Saved entries:
....................

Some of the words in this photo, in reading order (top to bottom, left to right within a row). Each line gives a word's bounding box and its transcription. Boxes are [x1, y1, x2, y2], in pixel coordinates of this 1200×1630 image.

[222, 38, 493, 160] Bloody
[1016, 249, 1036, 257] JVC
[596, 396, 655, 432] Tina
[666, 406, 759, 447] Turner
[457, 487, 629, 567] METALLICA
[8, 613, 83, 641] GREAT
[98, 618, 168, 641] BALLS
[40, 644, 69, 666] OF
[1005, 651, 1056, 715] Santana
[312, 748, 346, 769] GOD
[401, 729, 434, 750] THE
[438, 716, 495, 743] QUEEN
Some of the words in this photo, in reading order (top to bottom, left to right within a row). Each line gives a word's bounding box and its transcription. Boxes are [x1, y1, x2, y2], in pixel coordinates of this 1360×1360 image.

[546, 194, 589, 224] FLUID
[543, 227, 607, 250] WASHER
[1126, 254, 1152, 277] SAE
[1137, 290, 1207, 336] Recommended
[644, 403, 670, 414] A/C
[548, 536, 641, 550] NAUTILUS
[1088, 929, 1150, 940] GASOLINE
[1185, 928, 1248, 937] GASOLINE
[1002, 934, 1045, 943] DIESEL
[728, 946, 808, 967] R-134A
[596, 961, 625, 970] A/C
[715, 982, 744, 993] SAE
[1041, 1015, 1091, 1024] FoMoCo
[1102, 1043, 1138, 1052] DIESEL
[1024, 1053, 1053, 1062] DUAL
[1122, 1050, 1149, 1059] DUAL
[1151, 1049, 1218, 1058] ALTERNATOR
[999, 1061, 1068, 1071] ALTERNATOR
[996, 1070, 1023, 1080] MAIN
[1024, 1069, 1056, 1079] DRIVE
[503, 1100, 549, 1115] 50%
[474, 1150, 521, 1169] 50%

....................

TASK TO COMPLETE: The records above are to be copied in full, exactly as written.

EXERCISE SOLUTION:
Some of the words in this photo, in reading order (top to bottom, left to right within a row). Each line gives a word's bounding box and its transcription. Boxes are [x1, y1, x2, y2], in pixel coordinates of this 1200×1630 image.

[222, 38, 493, 160] Bloody
[1016, 249, 1036, 257] JVC
[596, 396, 655, 432] Tina
[666, 406, 759, 447] Turner
[457, 487, 629, 567] METALLICA
[8, 613, 83, 641] GREAT
[98, 618, 168, 641] BALLS
[40, 644, 69, 666] OF
[1005, 651, 1056, 715] Santana
[312, 748, 346, 769] GOD
[401, 729, 434, 750] THE
[438, 716, 495, 743] QUEEN
Some of the words in this photo, in reading order (top to bottom, left to right within a row). Each line gives a word's bounding box and its transcription. Boxes are [x1, y1, x2, y2], in pixel coordinates of this 1360×1360 image.

[546, 194, 589, 224] FLUID
[543, 227, 607, 250] WASHER
[1126, 254, 1152, 277] SAE
[1137, 290, 1207, 336] Recommended
[644, 403, 670, 414] A/C
[548, 536, 641, 550] NAUTILUS
[1088, 929, 1150, 940] GASOLINE
[1185, 928, 1248, 937] GASOLINE
[1002, 934, 1045, 943] DIESEL
[728, 946, 808, 967] R-134A
[596, 961, 625, 970] A/C
[715, 982, 744, 993] SAE
[1041, 1015, 1091, 1024] FoMoCo
[1102, 1043, 1138, 1052] DIESEL
[1024, 1053, 1053, 1062] DUAL
[1122, 1050, 1149, 1059] DUAL
[1151, 1049, 1218, 1058] ALTERNATOR
[999, 1061, 1068, 1071] ALTERNATOR
[996, 1070, 1023, 1080] MAIN
[1024, 1069, 1056, 1079] DRIVE
[503, 1100, 549, 1115] 50%
[474, 1150, 521, 1169] 50%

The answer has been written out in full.